"A pie" est le titre du nouveau spectacle de Daniel Doña. Le danseur l'a intitulé ainsi pour établir un parallèle entre sa façon de vivre et son processus de création qui se veut délibérément lent car le danseur est dans la vie quelqu'un qui aime prendre son temps.
"A pie" est une proposition déroutante et pleine d'audace. Déjà sur le papier on pouvait s'attendre à quelque chose d'original en sachant que côté musique "en vivo", il n'y aurait qu'un violoncelliste. Mais quel violoncelliste ! La musique de José Luis Lopez, virtuose déjà entendu dans des spectacles de flamenco, oppresse autant qu'elle captive. Son instrument fait voyager le spectateur à travers les sonorités et il chante même avec une facilité déconcertante. Parfois une lointaine voix enregistrée prend le relais.

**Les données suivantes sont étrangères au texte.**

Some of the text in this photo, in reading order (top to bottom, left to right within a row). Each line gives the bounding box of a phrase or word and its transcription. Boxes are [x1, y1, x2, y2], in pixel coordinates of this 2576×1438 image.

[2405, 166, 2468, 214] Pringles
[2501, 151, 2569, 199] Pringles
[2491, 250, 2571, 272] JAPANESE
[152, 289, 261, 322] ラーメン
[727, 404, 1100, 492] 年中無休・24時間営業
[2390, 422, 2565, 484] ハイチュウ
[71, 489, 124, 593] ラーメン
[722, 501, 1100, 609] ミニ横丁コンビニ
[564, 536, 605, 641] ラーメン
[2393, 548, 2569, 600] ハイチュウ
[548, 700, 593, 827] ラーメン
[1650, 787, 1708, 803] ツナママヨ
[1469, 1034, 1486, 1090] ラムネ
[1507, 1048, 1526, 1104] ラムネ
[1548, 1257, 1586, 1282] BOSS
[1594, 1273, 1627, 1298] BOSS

C'est dans un voile de fumée que commence le spectacle. Daniel Doña et Cristian Martin dansent de façon ultra synchronisée, presque robotisée. Des ombres se dessinent derrière eux. Il s'agit de danse espagnole revisitée, mais le flamenco est sous-jascent. Il apparaît entre deux pirouettes et pas de jota, sous la forme d'un martinete - avec la voix d'Enrique Morente -, d'une caña ou d'une farruca métallique. L'occupation de l'espace scénique est bien pensée, avec parfois des surprises, lorsque par exemple le positionnement des trois artistes révèle une diagonale. Le travail de synchronisation entre la danse et les lumières - à attribuer à Olga Garcia - est très recherché ; lors de l'une des danses l'éclairage se positionne alternativement sur le buste des deux danseurs, puis sur leur jambes, et enfin, le plus impressionnant, sur le buste de l'un en même temps que les jambes de l'autre, provoquant un effet visuel inédit.

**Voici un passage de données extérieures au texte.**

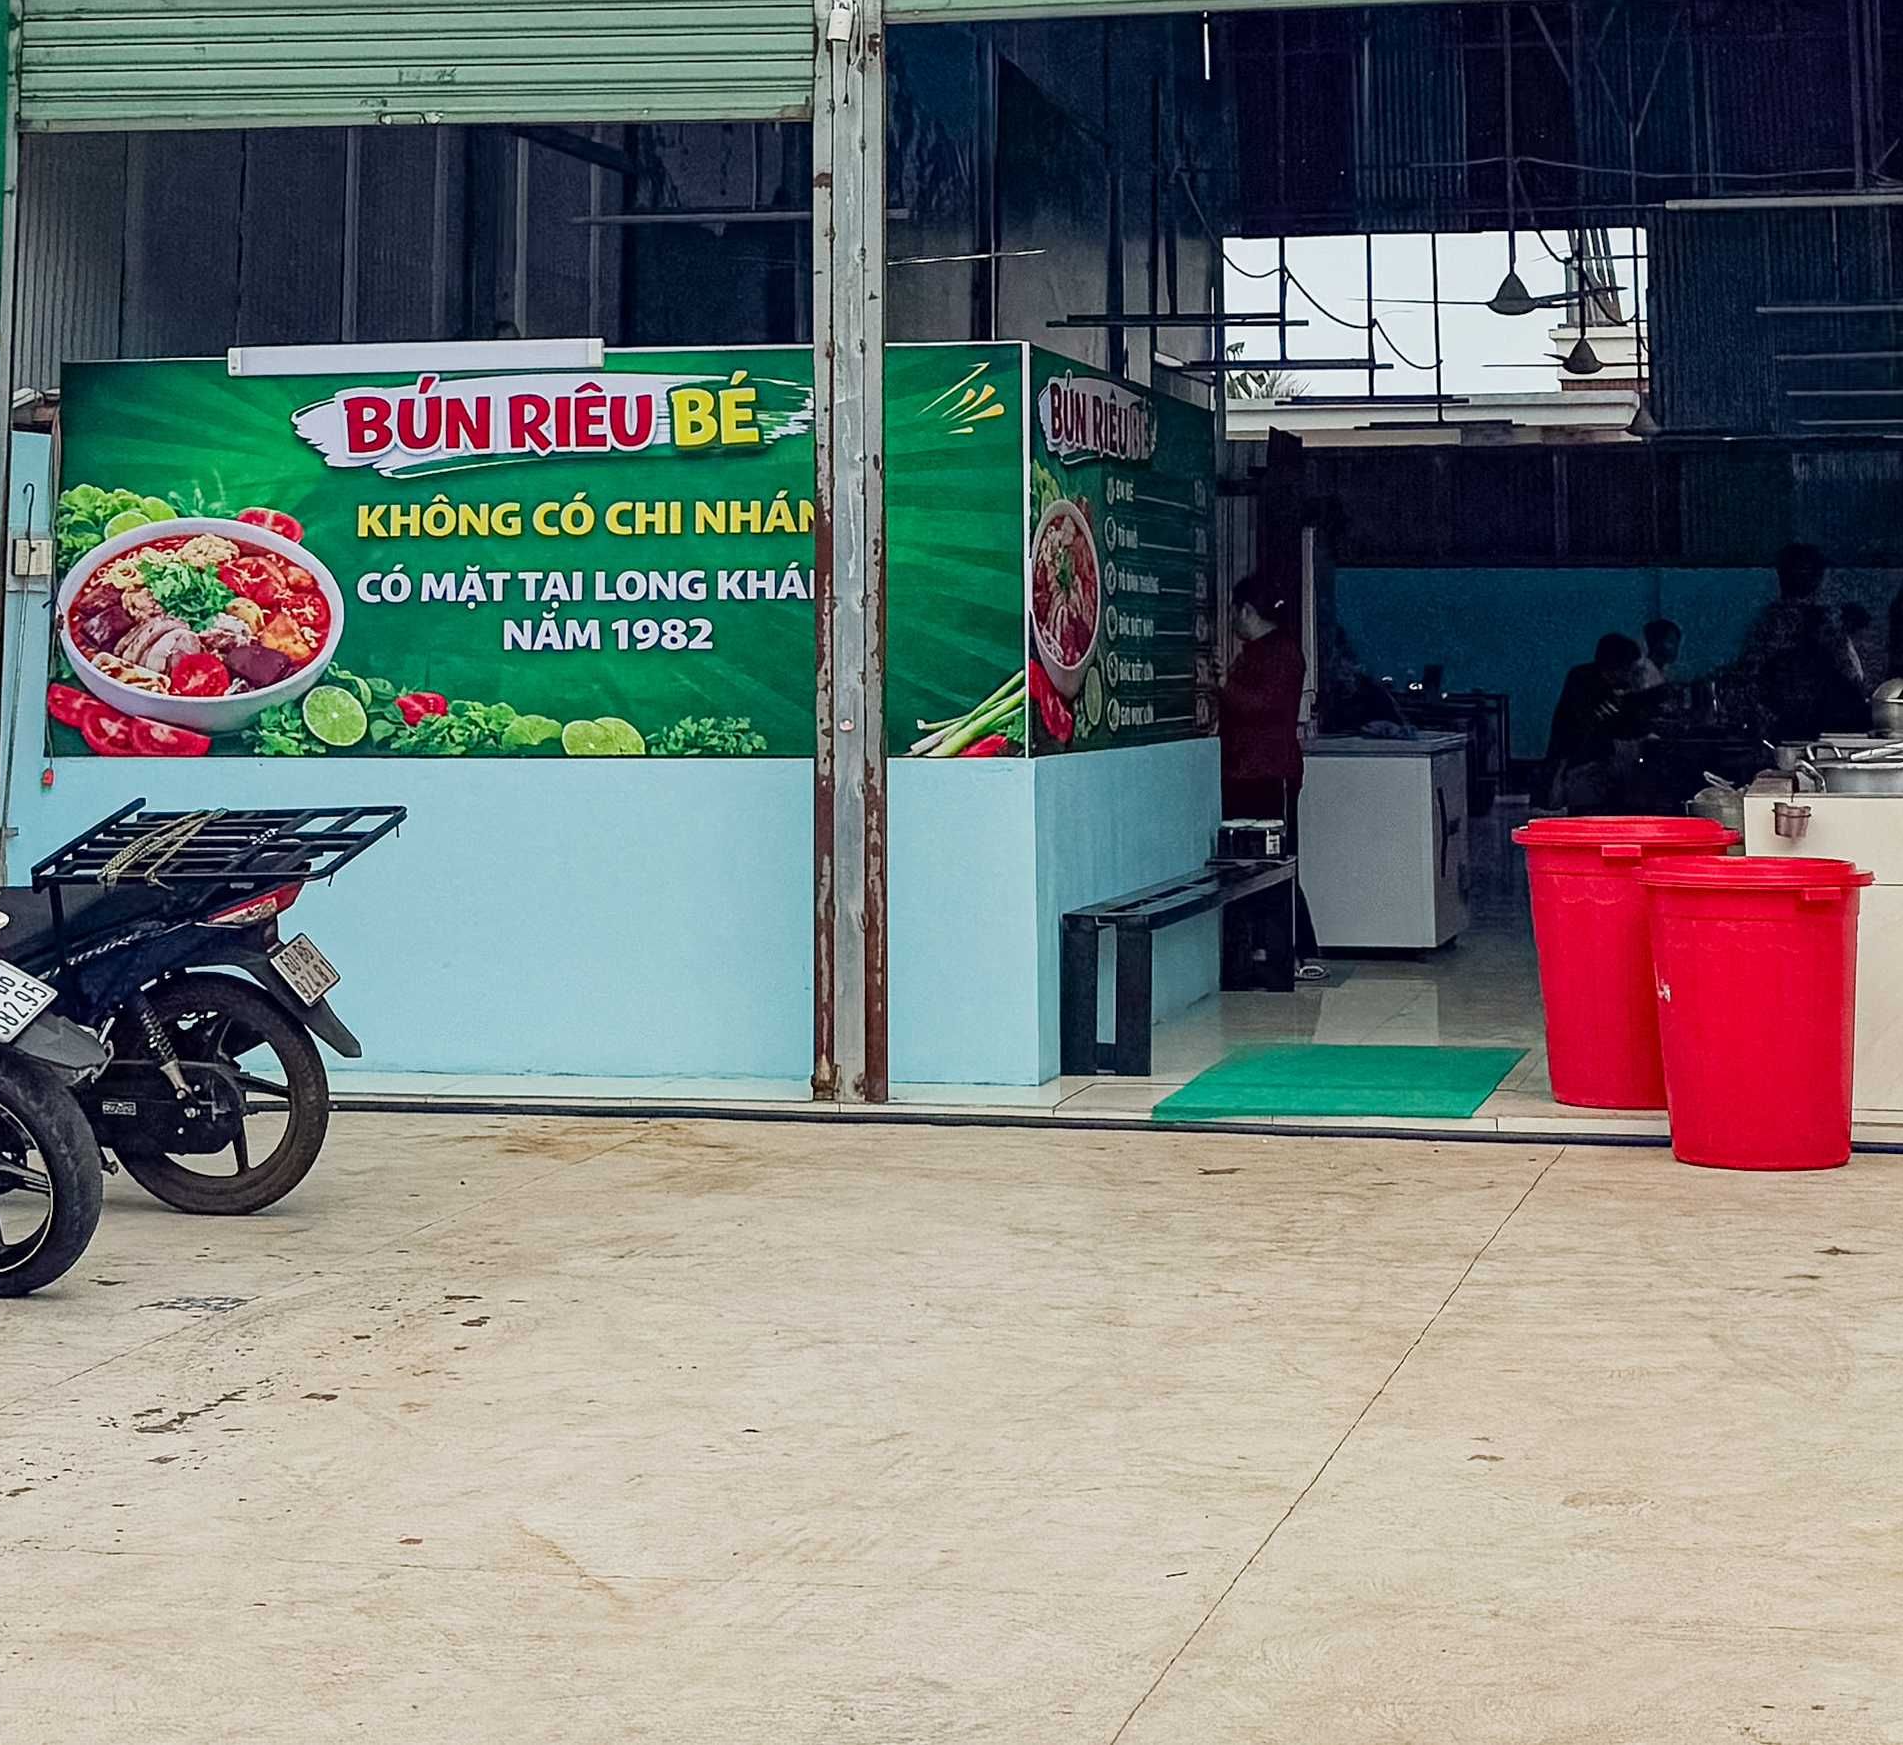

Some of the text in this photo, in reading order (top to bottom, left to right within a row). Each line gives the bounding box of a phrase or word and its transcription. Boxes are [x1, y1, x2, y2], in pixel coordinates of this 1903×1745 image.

[345, 370, 760, 454] BÚN RIÊU BÉ
[1049, 369, 1087, 445] BÚN
[1092, 389, 1128, 458] RIÊU
[356, 493, 523, 538] KHÔNG
[533, 489, 597, 537] CÓ
[605, 502, 684, 536] CHI
[356, 562, 415, 603] CÓ
[420, 563, 512, 611] MẶT
[517, 571, 586, 610] TẠI
[594, 569, 708, 602] LONG
[503, 609, 714, 652] NĂM 1982

Et que dire de la danse des deux protagonistes ? Daniel Doña et Cristian Martin sont de magnifiques interprètes, avec une énergie et une technique incroyable. La gestuelle est impeccable, et le résultat est esthétiquement très réussi. Ils réussissent aussi le pari d'éxécuter la majorité des danses en duo, avec une telle complicité, une telle connexion, qu'ils ne forment parfois plus qu'un.

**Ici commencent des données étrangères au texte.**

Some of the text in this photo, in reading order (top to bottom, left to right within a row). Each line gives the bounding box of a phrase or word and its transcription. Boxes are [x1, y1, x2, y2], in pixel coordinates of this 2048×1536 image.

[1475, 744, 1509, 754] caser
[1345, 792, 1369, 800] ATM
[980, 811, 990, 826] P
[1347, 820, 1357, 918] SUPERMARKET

Même si le spectacle est au nom de Daniel Doña, la place accordée à Christian Martin est aussi importante que la sienne, du moins du point de vue de l'interprétation. Un superbe trio - format qui rappelle un peu la dernière création de Rocio Molina - qui a dérouté une partie du public de la Sala Compañia, dans lequel figuraient Rafaela Carrasco, La Moneta, mais aussi Marco Flores, entre autres. N'oublions pas que le Festival de Jerez n'est pas seulement axé sur le flamenco, c'est aussi un festival de danse espagnole, dont Daniel Doña et Cristian Martin sont de fervents et talentueux représentants.